I assumed my ability to remember the details of matches, but not, say, to take out the garbage on Wednesday nights, was the result of expertise, and nothing more. My inquiring friend is a musician, a truly gifted guitar player, so I said to him, “I guess being able to remember how points unfold comes with experience. I’m sure it is the same with you when you perform. I suspect after a show you remember all the details of your performance, how particular solos unfolded and so forth.” Surprisingly, at least to me, he said performing is not like that at all. If the music is flowing he doesn’t remember any of it. After a concert, the only details he remembers are the mistakes. My assumption was evidently incorrect.

Later that evening I told Eliel about the conversation and he laughed at the notion of it being difficult to remember how points unfold; it is simply second nature to him. Indeed, after a tournament he can talk for hours, in astounding detail, about every point of every match. I had also mentioned my assumption that heightened memory would be manifest in all activities requiring learned expertise, and my surprise that my expectation was inconsistent with my friend’s experience performing live music. Eliel concurred with my friend. Eliel’s musical career on the trumpet ended abruptly when he got braces, although once the braces were removed he did become a reliable and sought-after shofar blower. However, he took a voice class in college and he related that he would ask his friend to pay attention to his performances because he realized that for him, the memory of each performance was a blur. Like my guitar-playing friend, he couldn’t recall the details, only the mistakes.

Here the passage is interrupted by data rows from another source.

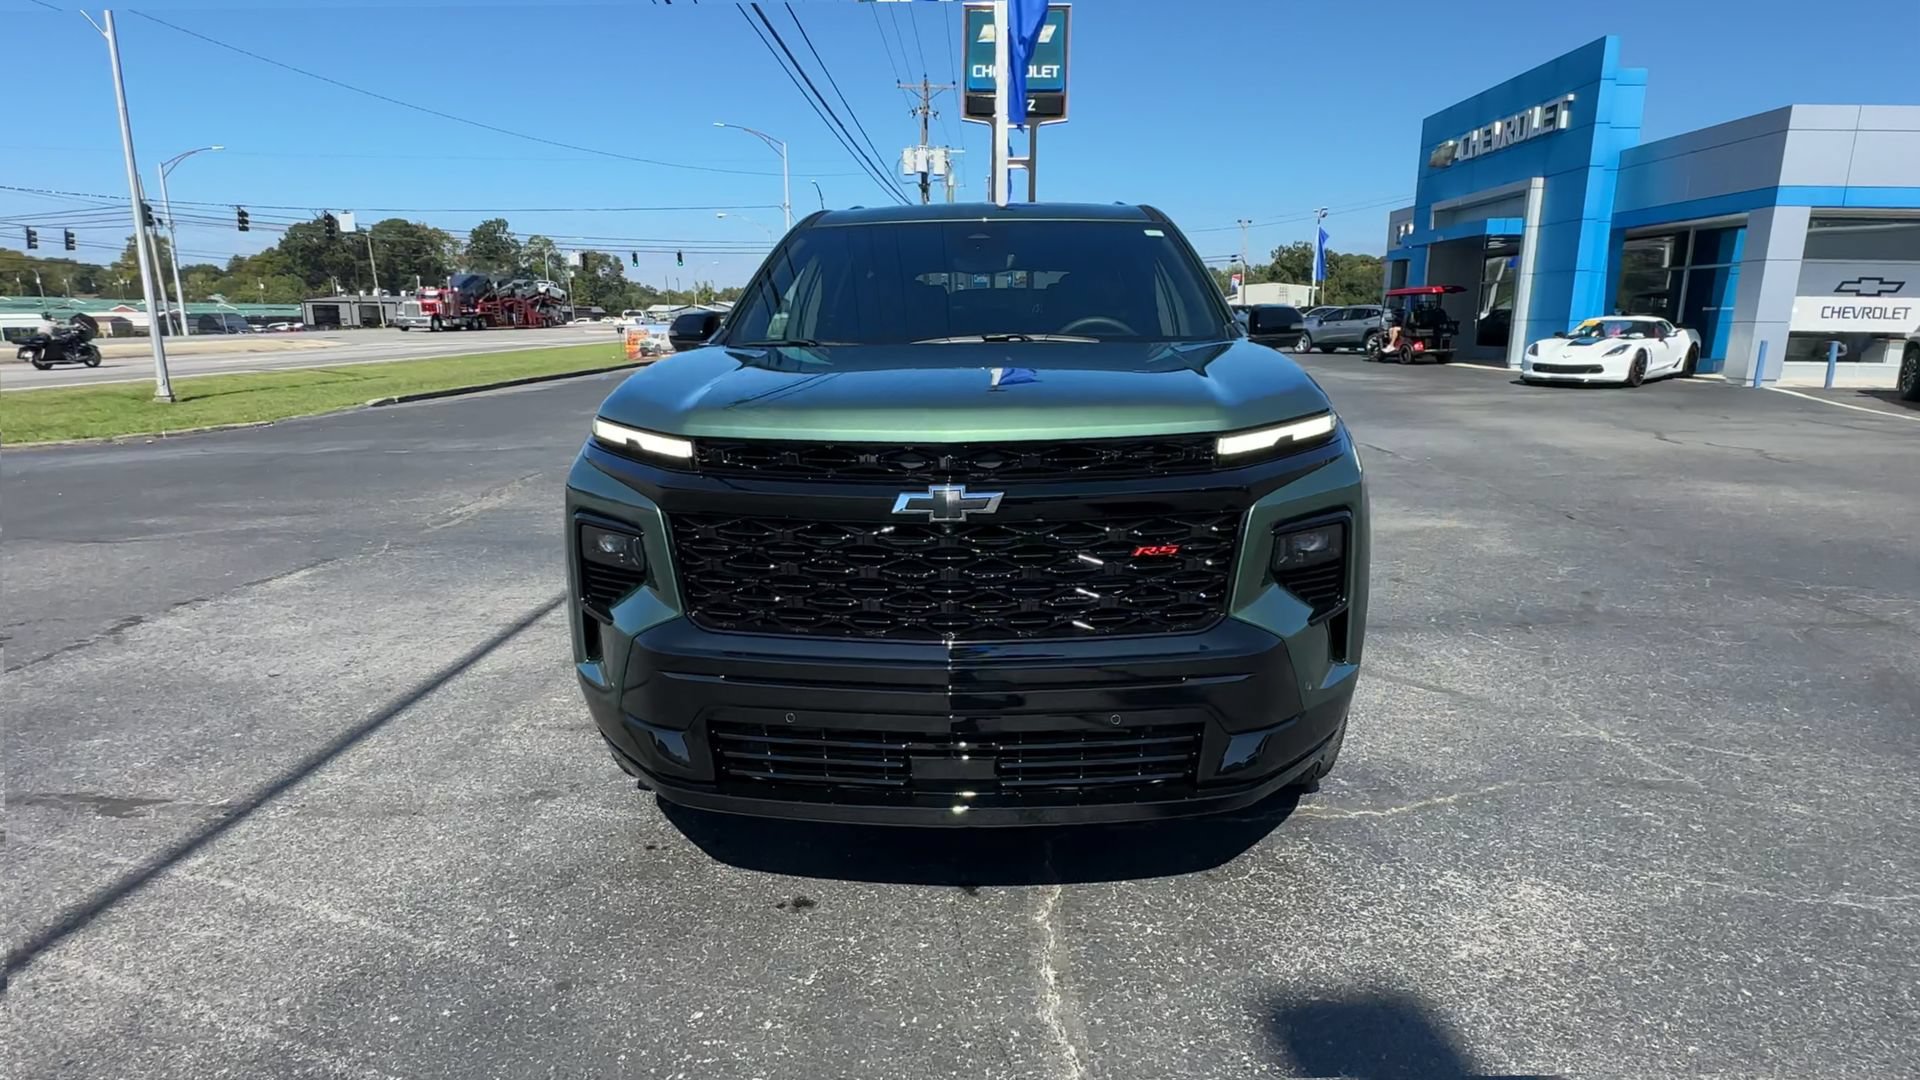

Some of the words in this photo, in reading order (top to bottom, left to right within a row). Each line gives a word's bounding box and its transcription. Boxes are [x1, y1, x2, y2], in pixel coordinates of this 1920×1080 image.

[1458, 93, 1575, 161] CHEVROLET
[1821, 306, 1911, 320] CHEVROLET
[1131, 545, 1180, 556] RS
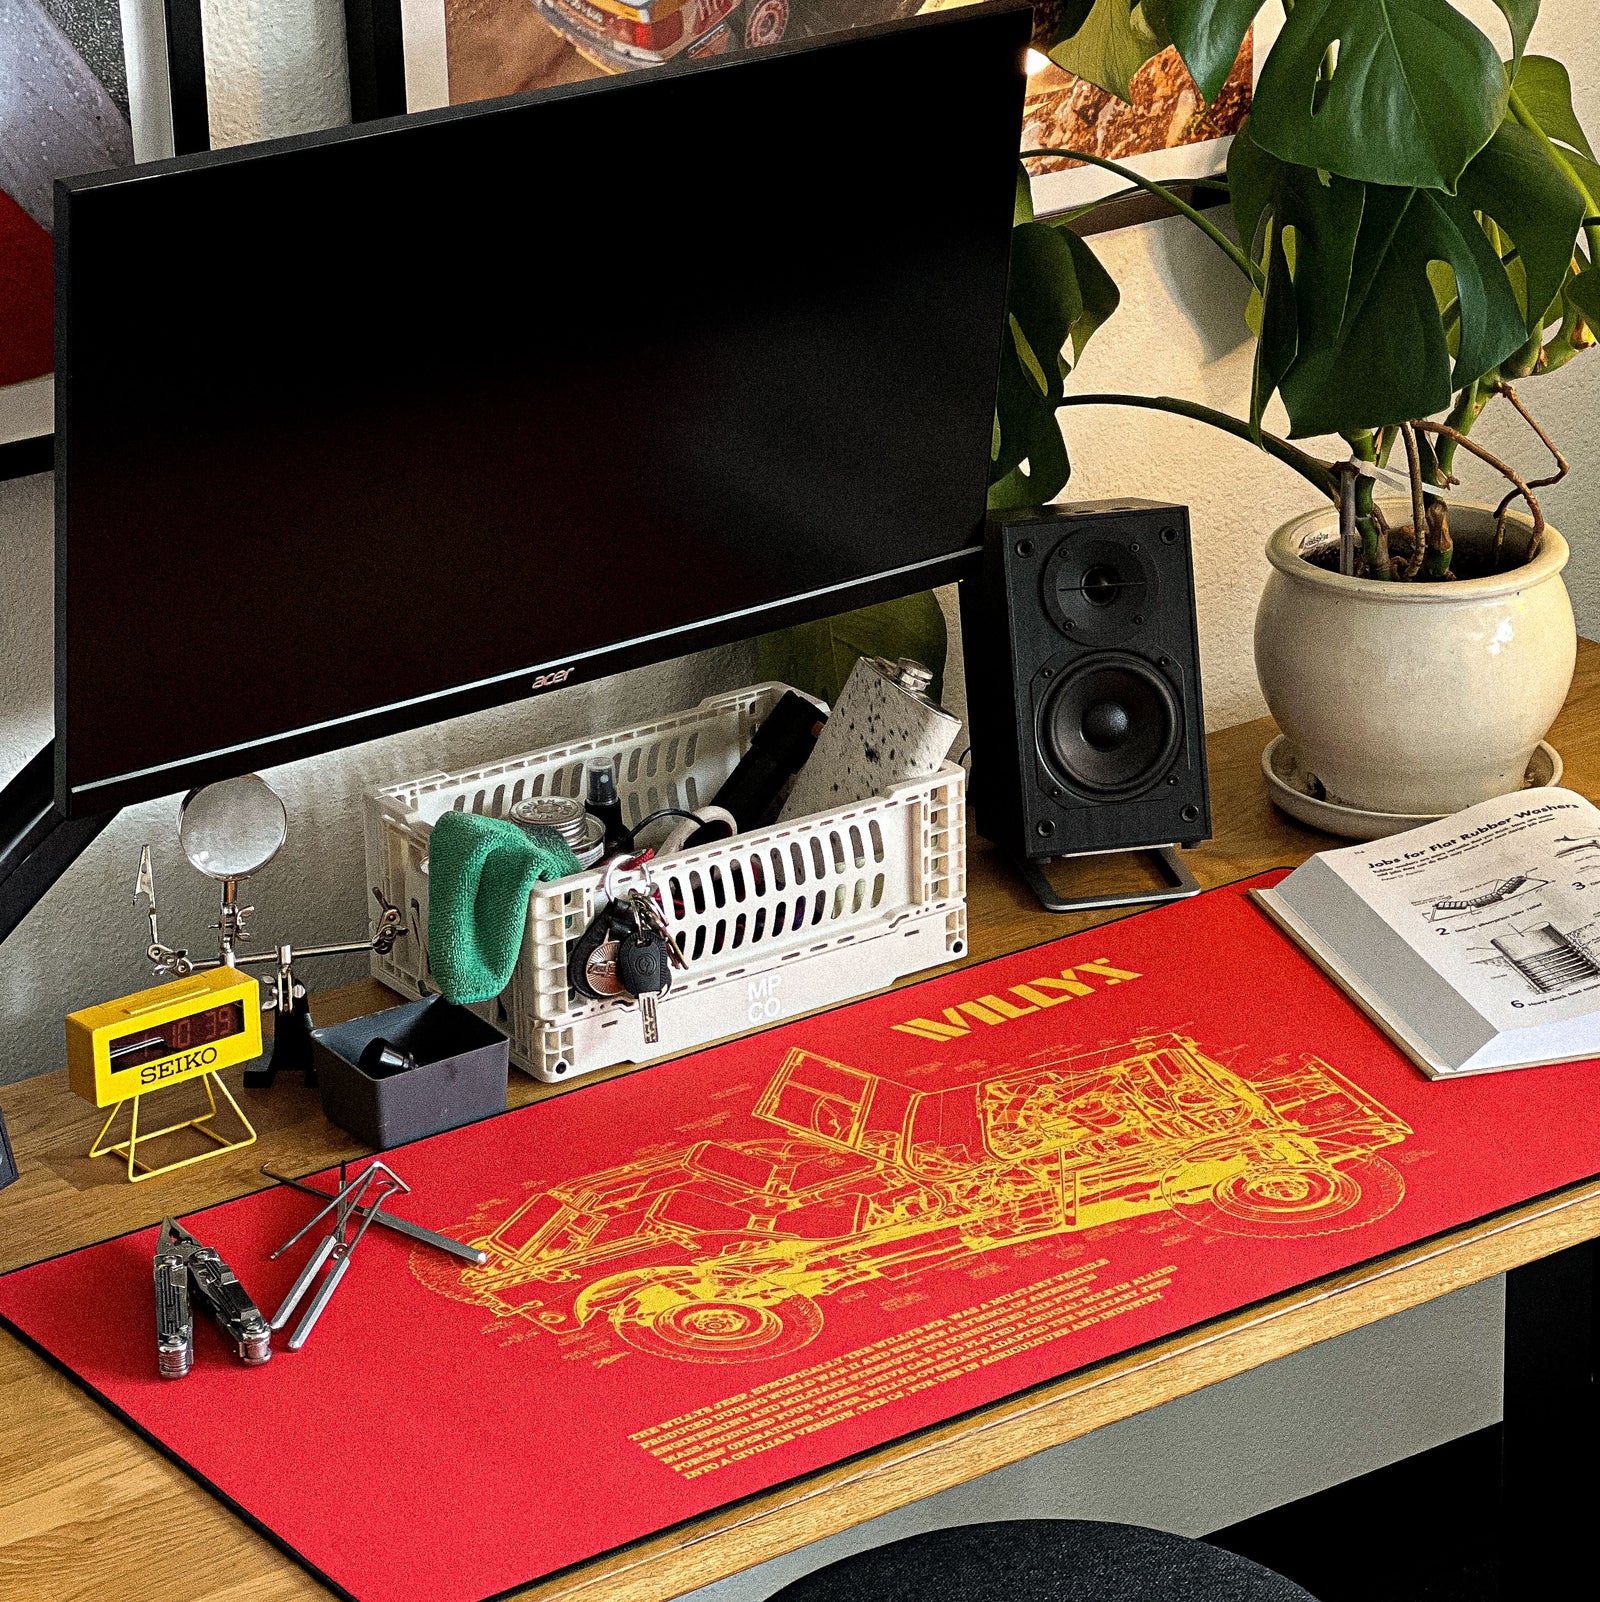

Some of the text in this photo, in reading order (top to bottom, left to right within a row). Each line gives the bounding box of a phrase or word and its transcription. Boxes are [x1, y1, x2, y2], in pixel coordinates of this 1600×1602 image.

[532, 667, 575, 689] acer
[1368, 803, 1580, 869] Jobs for Flat Rubber Washers
[1572, 881, 1586, 891] 3
[1435, 927, 1450, 936] 2
[748, 975, 781, 1001] MP
[889, 957, 1144, 1042] WILLYS
[1510, 999, 1525, 1009] 6
[140, 1047, 218, 1086] SEIKO
[627, 1426, 661, 1441] THE
[657, 1406, 713, 1429] WILLYS
[751, 1357, 843, 1395] SPECIFICALLY
[844, 1346, 875, 1360] THE
[871, 1327, 924, 1349] WILLYS
[947, 1306, 980, 1320] WAS
[980, 1302, 991, 1311] A
[989, 1278, 1053, 1306] MILITARY
[1053, 1258, 1110, 1281] VEHICLE
[639, 1418, 713, 1449] PRODUCED
[712, 1397, 768, 1421] DURING
[766, 1379, 816, 1400] WORLD
[814, 1367, 849, 1382] WAR
[862, 1351, 891, 1366] AND
[889, 1329, 948, 1354] BECAME
[947, 1325, 960, 1335] A
[957, 1306, 1012, 1329] SYMBOL
[1029, 1273, 1097, 1303] AMERICAN
[650, 1416, 749, 1456] ENGINEERING
[750, 1404, 781, 1419] AND
[779, 1377, 848, 1407] MILITARY
[945, 1311, 1026, 1344] CONSIDERED
[1025, 1300, 1055, 1314] THE
[1052, 1286, 1091, 1304] FIRST
[660, 1417, 775, 1464] MASS-PRODUCED
[906, 1357, 936, 1371] CAR
[935, 1345, 965, 1360] AND
[963, 1326, 1016, 1349] PLAYED
[1016, 1321, 1029, 1330] A
[1026, 1302, 1083, 1325] CRUCIAL
[1081, 1288, 1116, 1304] ROLE
[1132, 1265, 1178, 1286] ALLIED
[864, 1348, 989, 1397] WILLYS-OVERLAND
[989, 1325, 1049, 1351] ADAPTED
[1047, 1314, 1077, 1327] THE
[1075, 1290, 1139, 1317] MILITARY
[682, 1462, 720, 1480] INTO
[720, 1457, 734, 1468] A
[731, 1433, 795, 1461] CIVILIAN
[856, 1397, 889, 1412] THE
[907, 1379, 938, 1393] FOR
[935, 1368, 964, 1382] USE
[981, 1327, 1071, 1366] AGRICULTURE
[1071, 1316, 1100, 1331] AND
[1099, 1292, 1163, 1320] INDUSTRY

The ease at which Eliel and I remember matches is not unique; indeed, when not competing or practicing, tournaments are spent recounting matches with friends, or anyone who is willing to listen. And it is obvious from interviews with athletes in all sports that competitors have vivid memories of their competitions. My own fieldwork experiences suggest foraging is much closer to sport than music in this regard. Subsistence fishers and hunters I’ve worked with recall the details of their pursuits, and they share those details around the evening campfire while consuming their prey. I’m not sure why there is a difference in memory between sports and music. Perhaps I should ask my colleague who can’t remember me?

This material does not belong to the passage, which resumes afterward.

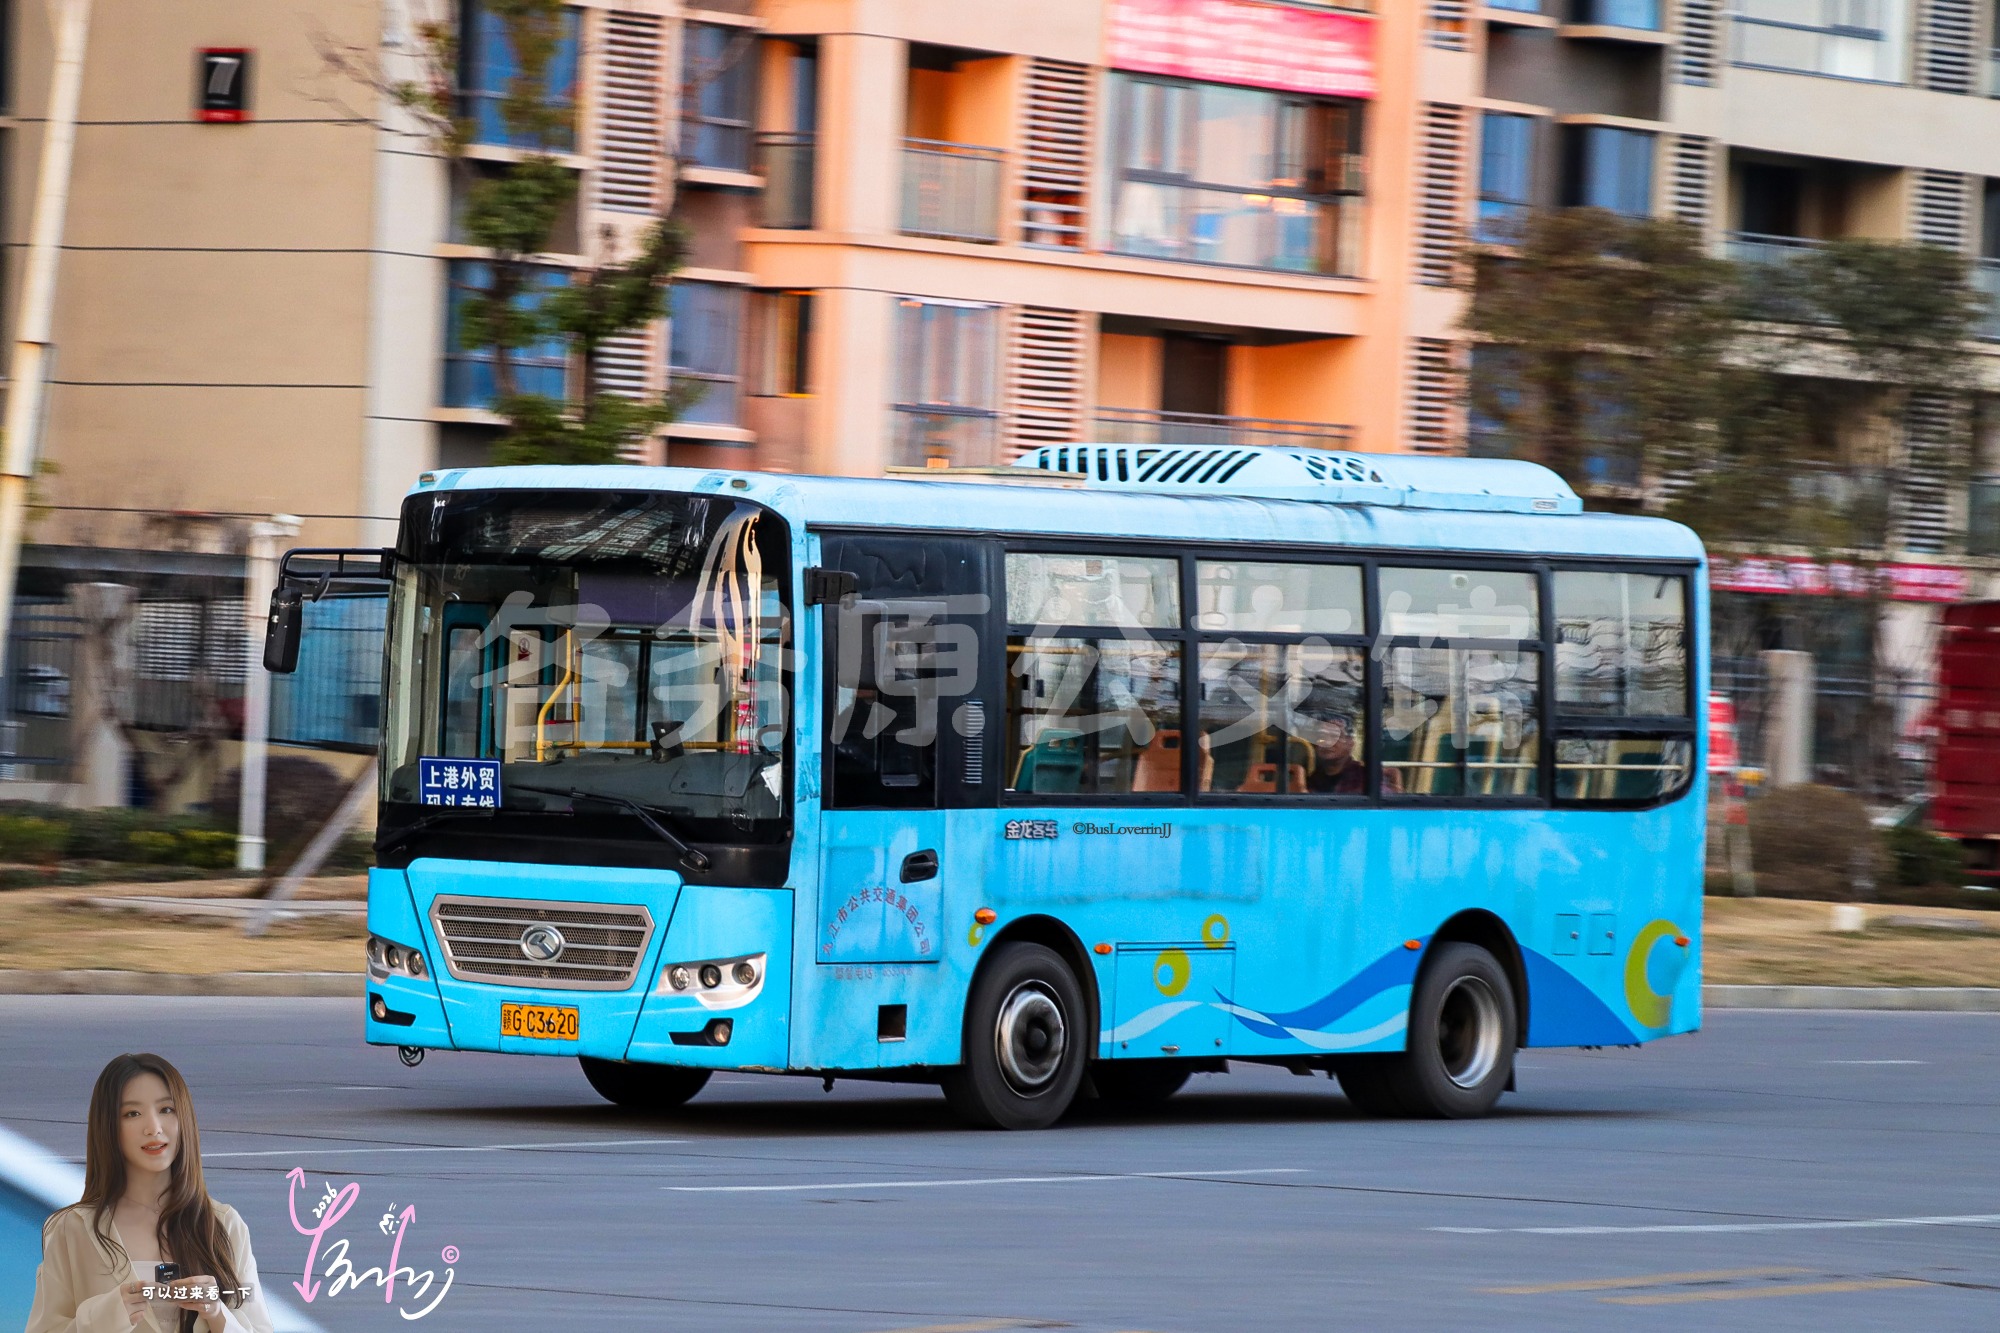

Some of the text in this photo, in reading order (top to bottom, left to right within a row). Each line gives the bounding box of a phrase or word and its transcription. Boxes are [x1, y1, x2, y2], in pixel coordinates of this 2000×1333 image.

[425, 765, 495, 791] 上港外贸
[1005, 819, 1059, 839] 金龙客车

Speaking of fellow faculty—and here I’ll wrap things up—I recently had lunch with one of my new colleagues (yes, one who actually remembers me). She expressed all of the normal anxieties that young faculty typically experience, although in her case such anxieties are unwarranted (she’s an exceptional scholar). But to ease her mind, in our conversation I revealed many of my neuroses and contradictions, including my anxieties about book publishing: my conflicting urges for privacy and reclusion on one hand, and a desire to express myself and share my personal experiences on the other. Remarkably, she expressed the same fears, which stunned me. She seems so sane! Perhaps there are more conflicted souls out there than I realized? Maybe none of us are Spock. As I left her office I appreciated that I may be a little crazy, and I may be a study in contradiction, but if so, it probably just means—contrary to the claims of my children—I’m simply human. And if I can wax philosophical for a moment, I wouldn’t say that contradiction and irony make us human, per se. Rather, it seems that it’s learning to live with the struggle between our many contradictions that defines our humanity. I’m still learning, thankfully.